Find the Nth closest point from position p in a 3d array of points

Question

Suppose I had a an array of cubes with dimensions D * D * D.
For example, here is an image of an array of cubes where D = 3: a 3x3 array of cubes
I will refer to the array, being the collection of all cubes, and a cube being one single cube that is part of the array.

Each cube is of uniform size (S), and they are arranged in such a way where their sides touch each other, and there is no overlap. Just like the image. Each cube's center can be described as C.

Now imagine ranking these cubes in descending order of distance from point P to the cube's center C. The furthest cube from point P (max distance between P and C) will be given rank 1; the closest cube from point P will be given the largest number rank.

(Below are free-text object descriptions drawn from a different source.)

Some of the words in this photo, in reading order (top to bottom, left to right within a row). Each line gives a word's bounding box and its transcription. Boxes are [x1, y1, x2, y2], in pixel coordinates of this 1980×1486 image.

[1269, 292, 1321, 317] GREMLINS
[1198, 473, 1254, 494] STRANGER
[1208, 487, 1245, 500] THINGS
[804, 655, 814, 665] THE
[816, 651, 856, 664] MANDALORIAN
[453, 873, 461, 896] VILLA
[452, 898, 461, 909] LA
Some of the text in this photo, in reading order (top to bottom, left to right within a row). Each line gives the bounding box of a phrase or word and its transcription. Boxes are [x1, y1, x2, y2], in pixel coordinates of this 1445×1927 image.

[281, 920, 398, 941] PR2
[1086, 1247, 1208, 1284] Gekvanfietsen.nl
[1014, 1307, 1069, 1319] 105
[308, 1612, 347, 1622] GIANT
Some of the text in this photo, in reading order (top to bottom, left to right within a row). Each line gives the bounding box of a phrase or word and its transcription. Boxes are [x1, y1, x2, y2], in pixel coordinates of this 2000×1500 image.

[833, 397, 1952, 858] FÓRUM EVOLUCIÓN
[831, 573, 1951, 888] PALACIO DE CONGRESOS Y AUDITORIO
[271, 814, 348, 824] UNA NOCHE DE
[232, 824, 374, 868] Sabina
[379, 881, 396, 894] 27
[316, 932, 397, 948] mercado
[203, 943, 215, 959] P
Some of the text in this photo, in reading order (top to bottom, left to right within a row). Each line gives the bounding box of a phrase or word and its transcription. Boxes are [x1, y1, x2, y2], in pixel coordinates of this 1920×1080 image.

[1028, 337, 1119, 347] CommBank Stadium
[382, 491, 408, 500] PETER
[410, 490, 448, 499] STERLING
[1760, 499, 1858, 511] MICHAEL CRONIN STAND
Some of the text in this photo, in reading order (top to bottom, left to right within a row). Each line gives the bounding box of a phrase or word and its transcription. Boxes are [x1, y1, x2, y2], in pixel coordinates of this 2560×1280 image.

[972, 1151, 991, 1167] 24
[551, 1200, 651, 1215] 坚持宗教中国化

Given the following are true:
- Each cube is aware of its position in the array
- the rotation/orientation of the array is known
- each cube can be identified in any logical way. I would assume it's x, y and z positions in the array would make sense for identifying an individual cube

Given you following are known:
- P: the point we are measuring distance from
- M: the mid point of the cube array
- S: the size (side length) of each cube
- R: the Euler rotation (x, y, z) of the array.

I am looking for a function that will find me the cube ranked N by distance from point P to the cubes center C.

Constraint:
- I cannot assess the distance of all cubes to find which cube is ranked N. Although, it may be acceptable to assess the distance of one or two other cubes if it helps somehow.

I am a programmer, so I am actually looking for an algorithm or formula that will be performed on the GPU, in parallel, for each rank N at the same time.

Does such a function exist? Does this problem have a solution?

Thank you.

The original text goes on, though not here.